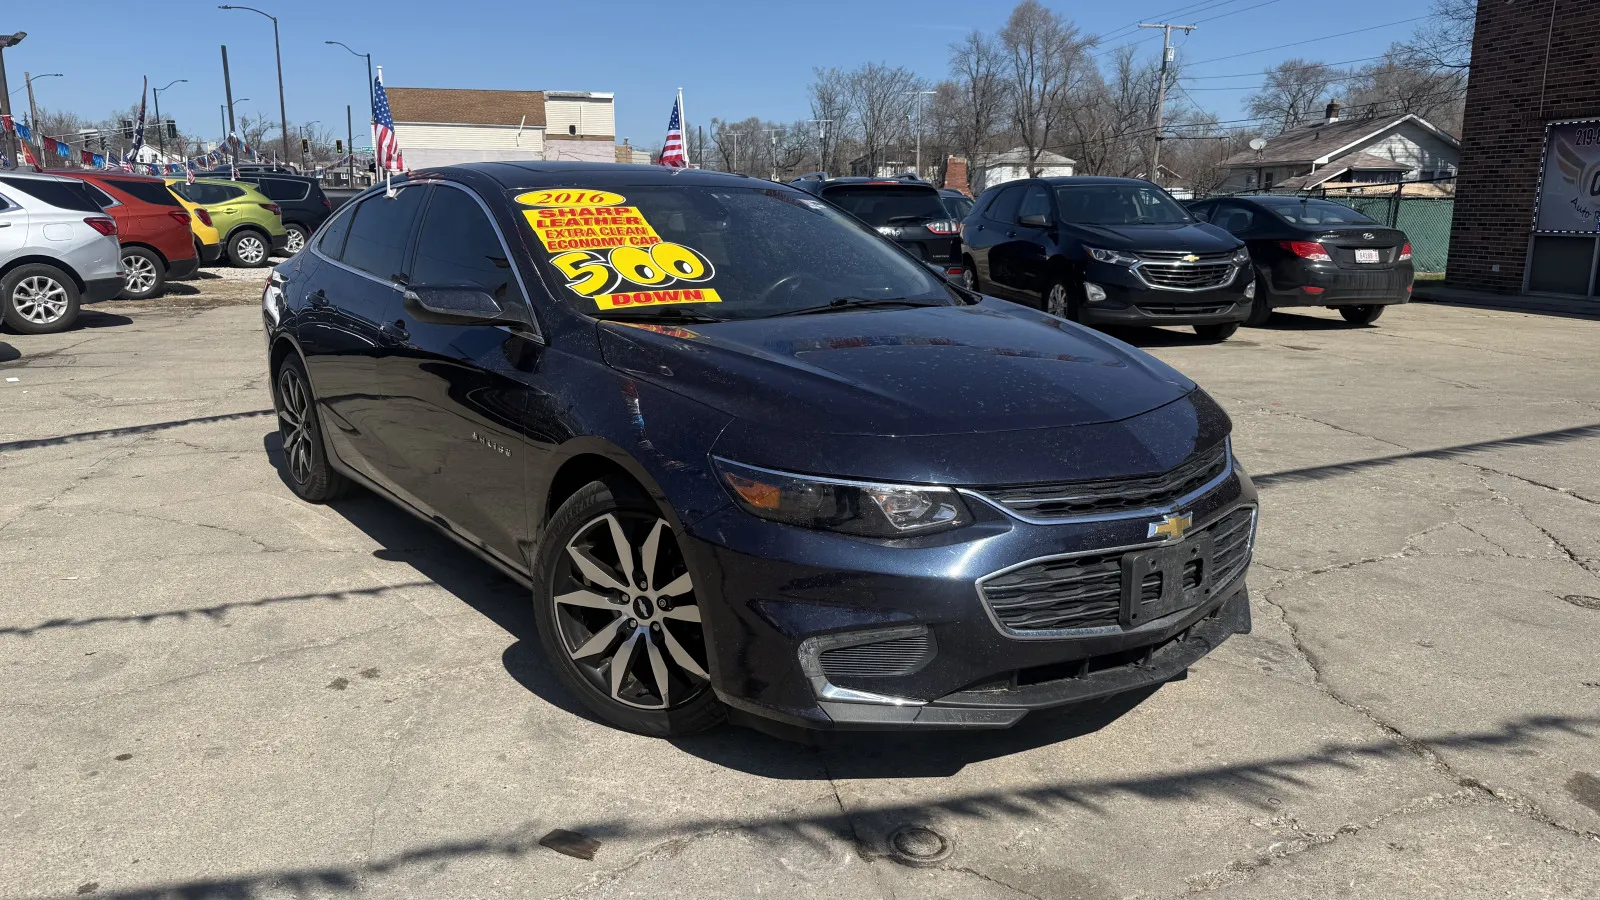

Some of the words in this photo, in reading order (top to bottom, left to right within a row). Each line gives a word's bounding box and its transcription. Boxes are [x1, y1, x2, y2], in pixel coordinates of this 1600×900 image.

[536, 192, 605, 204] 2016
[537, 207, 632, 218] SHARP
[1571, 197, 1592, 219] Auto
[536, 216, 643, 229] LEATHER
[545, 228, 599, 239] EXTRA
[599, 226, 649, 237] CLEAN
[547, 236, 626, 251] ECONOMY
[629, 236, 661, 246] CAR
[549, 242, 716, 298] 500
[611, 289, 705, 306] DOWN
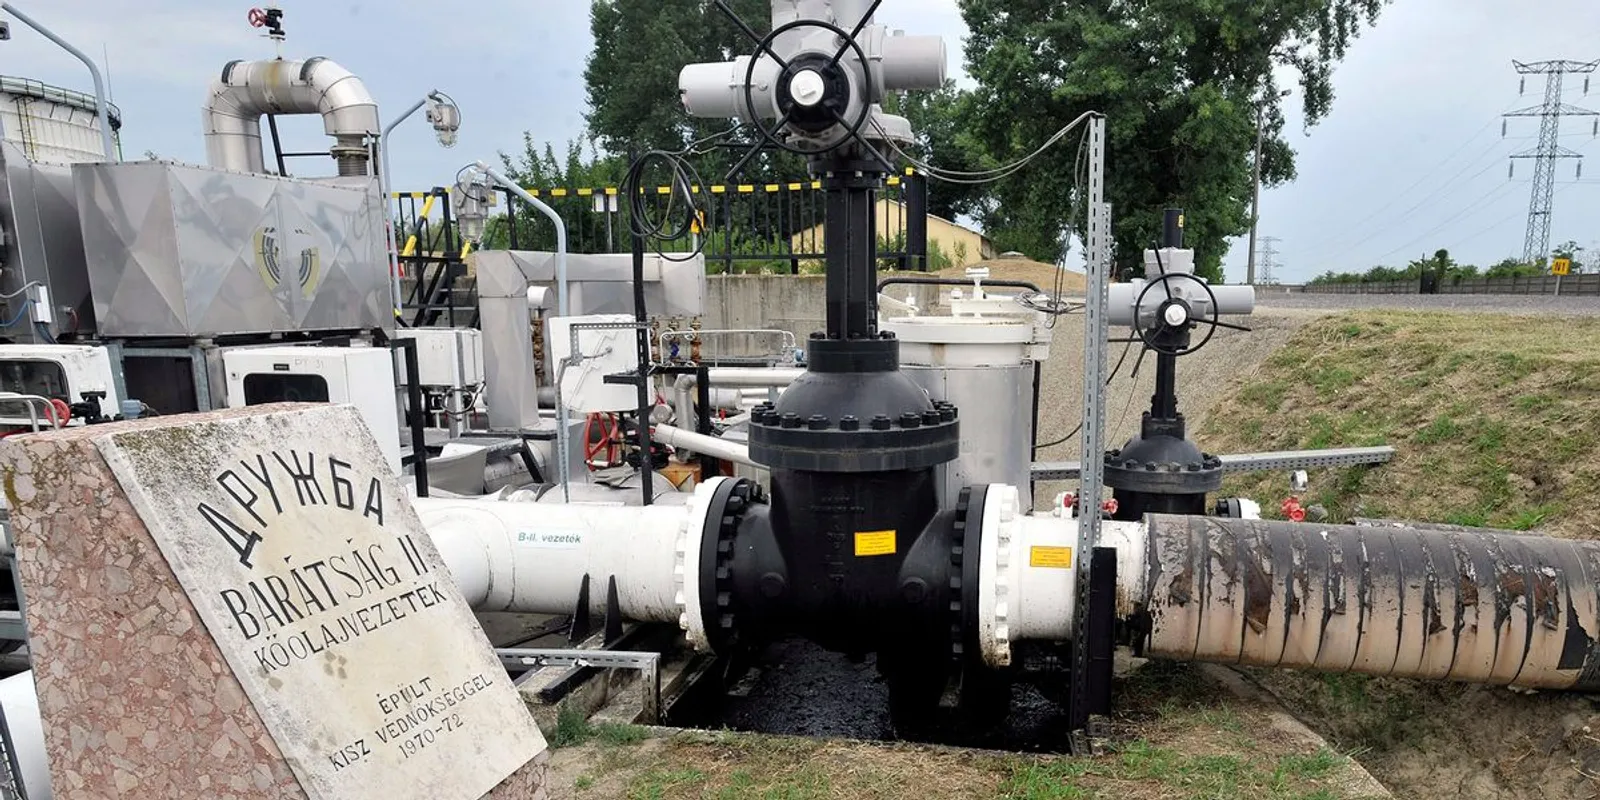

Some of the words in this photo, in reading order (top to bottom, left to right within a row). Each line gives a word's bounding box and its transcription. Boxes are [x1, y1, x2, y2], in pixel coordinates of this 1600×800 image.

__________

→ Assignment: Your reply is the full set of entries reproduced exactly, with images omitted.

→ Answer space:
Some of the words in this photo, in reading order (top to bottom, left to right within a row). Each line gives a word's bounding box and its transcription. Boxes are [x1, y1, x2, y2], in pixel coordinates of this 1600×900 image.

[536, 192, 605, 204] 2016
[537, 207, 632, 218] SHARP
[1571, 197, 1592, 219] Auto
[536, 216, 643, 229] LEATHER
[545, 228, 599, 239] EXTRA
[599, 226, 649, 237] CLEAN
[547, 236, 626, 251] ECONOMY
[629, 236, 661, 246] CAR
[549, 242, 716, 298] 500
[611, 289, 705, 306] DOWN

Some of the words in this photo, in reading order (top to bottom, left to right within a row). Each line gives a word's bounding box and its transcription. Boxes are [x1, y1, x2, y2], in pixel coordinates of this 1600×800 image.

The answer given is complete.